╭──

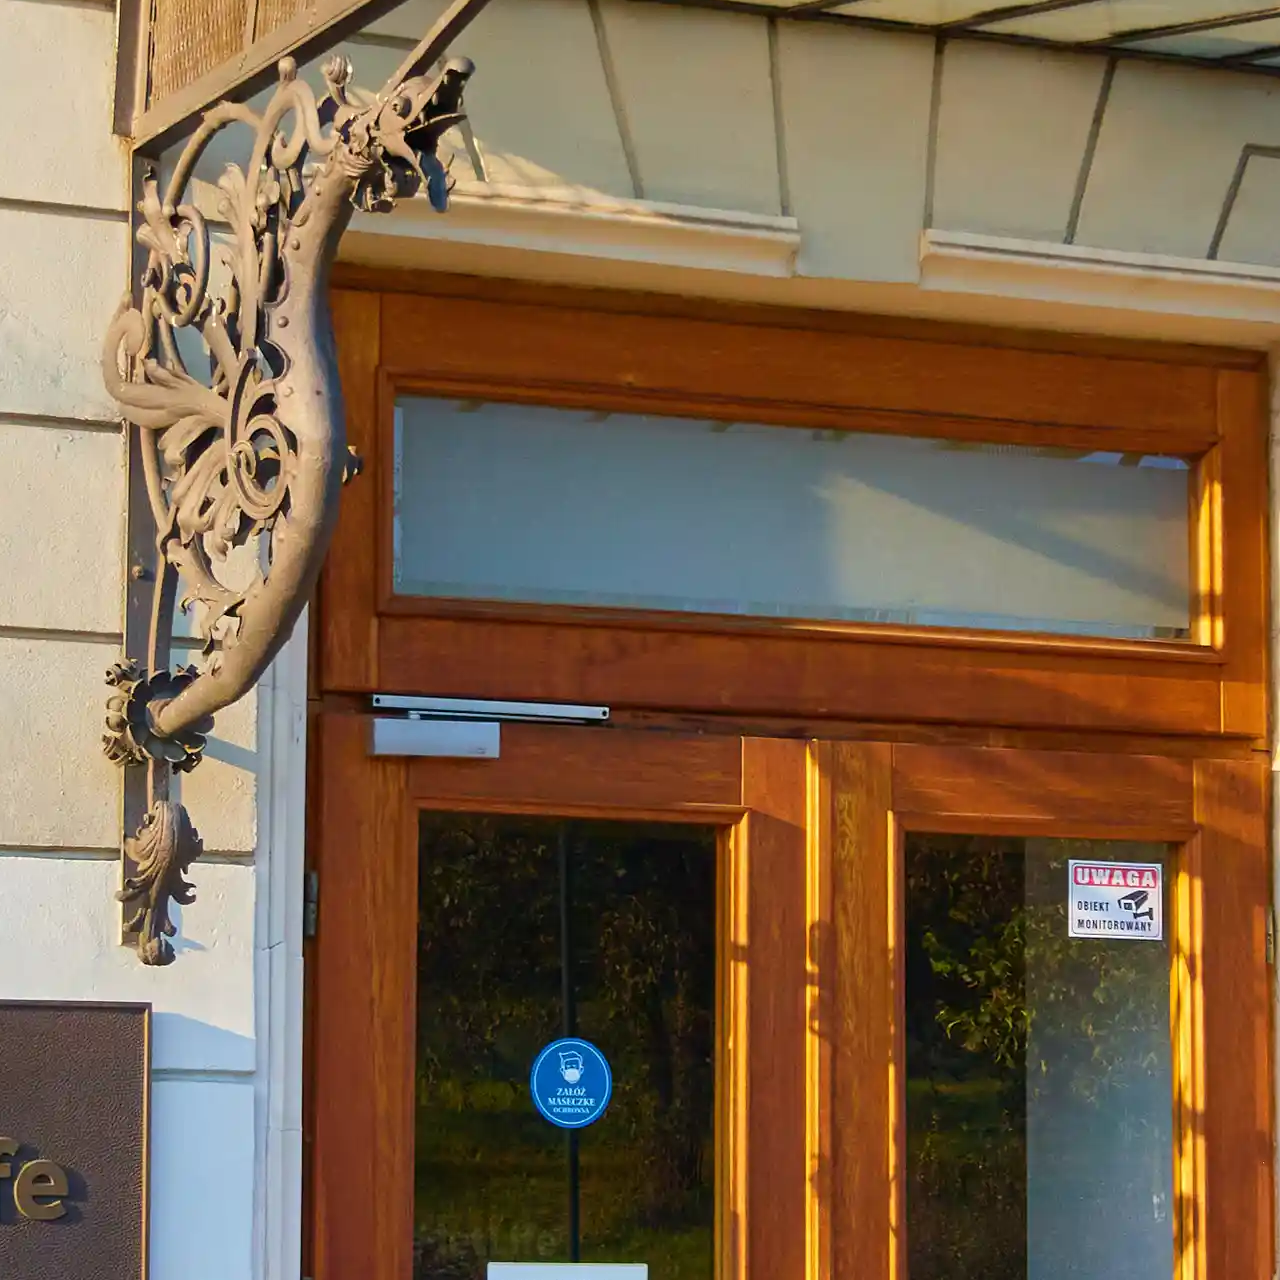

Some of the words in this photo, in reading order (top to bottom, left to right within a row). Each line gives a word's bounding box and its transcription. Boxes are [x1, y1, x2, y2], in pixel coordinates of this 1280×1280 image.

[1075, 868, 1156, 888] UWAGA
[1077, 900, 1110, 912] OBIEKT
[1077, 918, 1152, 932] MONITOROWANY
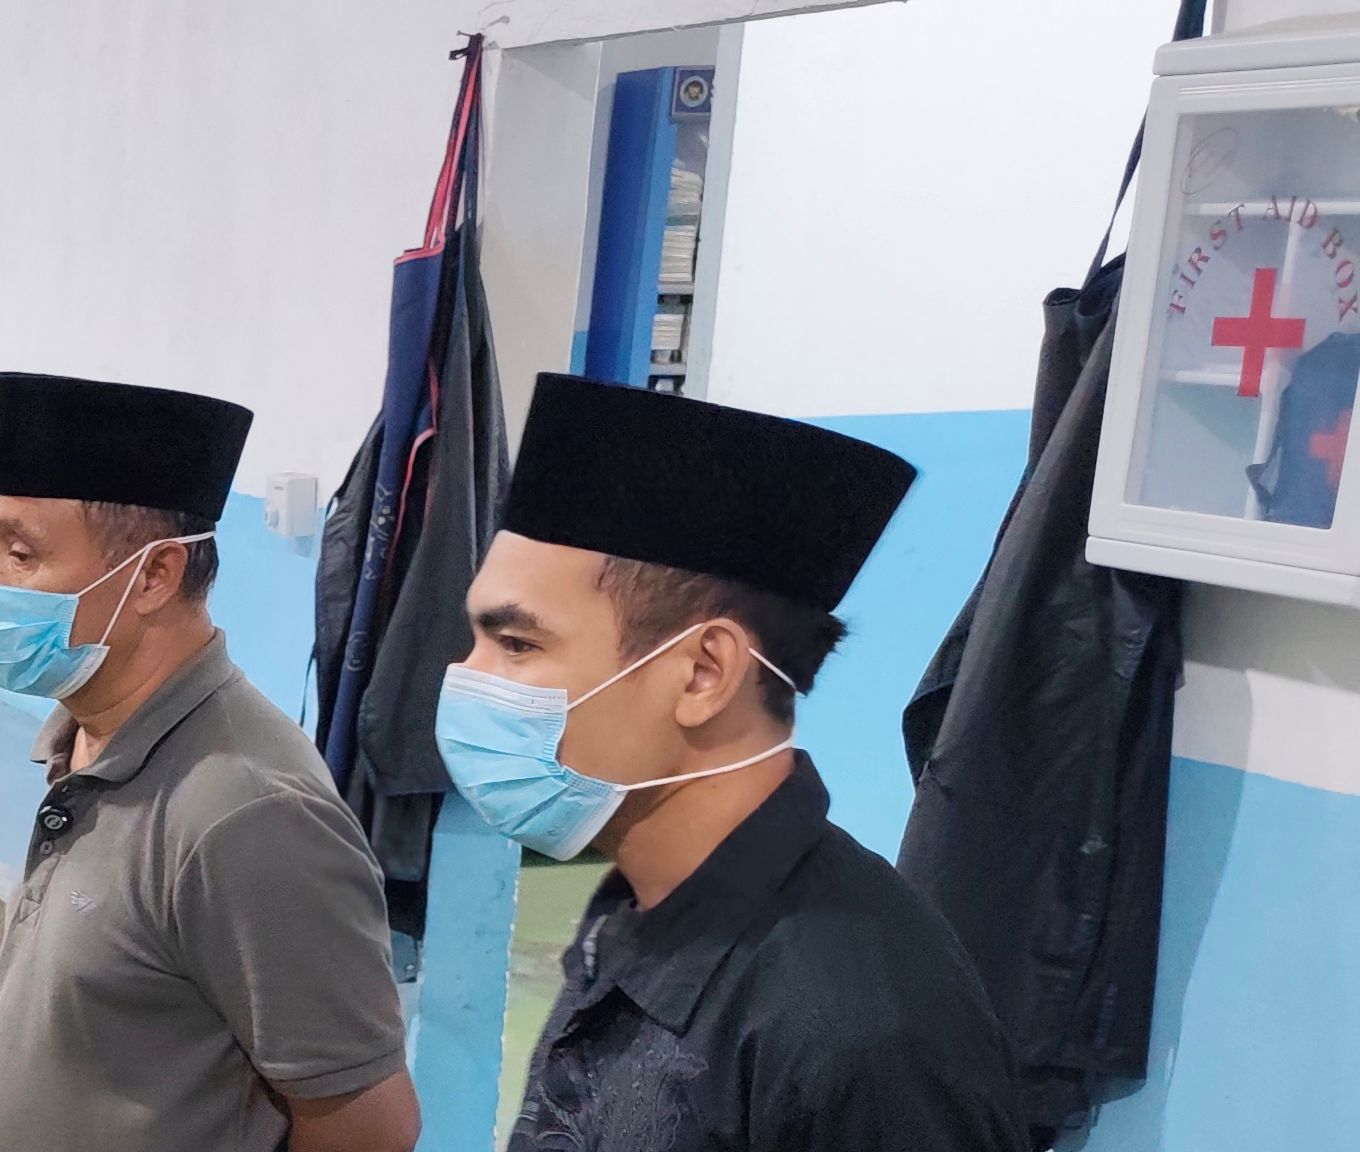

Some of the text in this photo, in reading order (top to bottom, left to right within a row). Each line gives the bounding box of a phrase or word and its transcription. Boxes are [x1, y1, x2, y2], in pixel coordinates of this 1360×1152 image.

╰──

_Problem description_.
Return every record exactly, minus the pictures.

_Exercise response_.
Some of the words in this photo, in reading order (top to bottom, left to right within a row). Each line gives a word's bounding box and its transcription. Boxes are [x1, y1, x2, y2], in pixel coordinates of this 1280×1280 image.

[1075, 868, 1156, 888] UWAGA
[1077, 900, 1110, 912] OBIEKT
[1077, 918, 1152, 932] MONITOROWANY

Some of the text in this photo, in reading order (top to bottom, left to right within a row). Each line gives the bounding box of a phrase or word and its transcription. Boxes are [x1, y1, x2, y2], in pixel coordinates of this 1360×1152 image.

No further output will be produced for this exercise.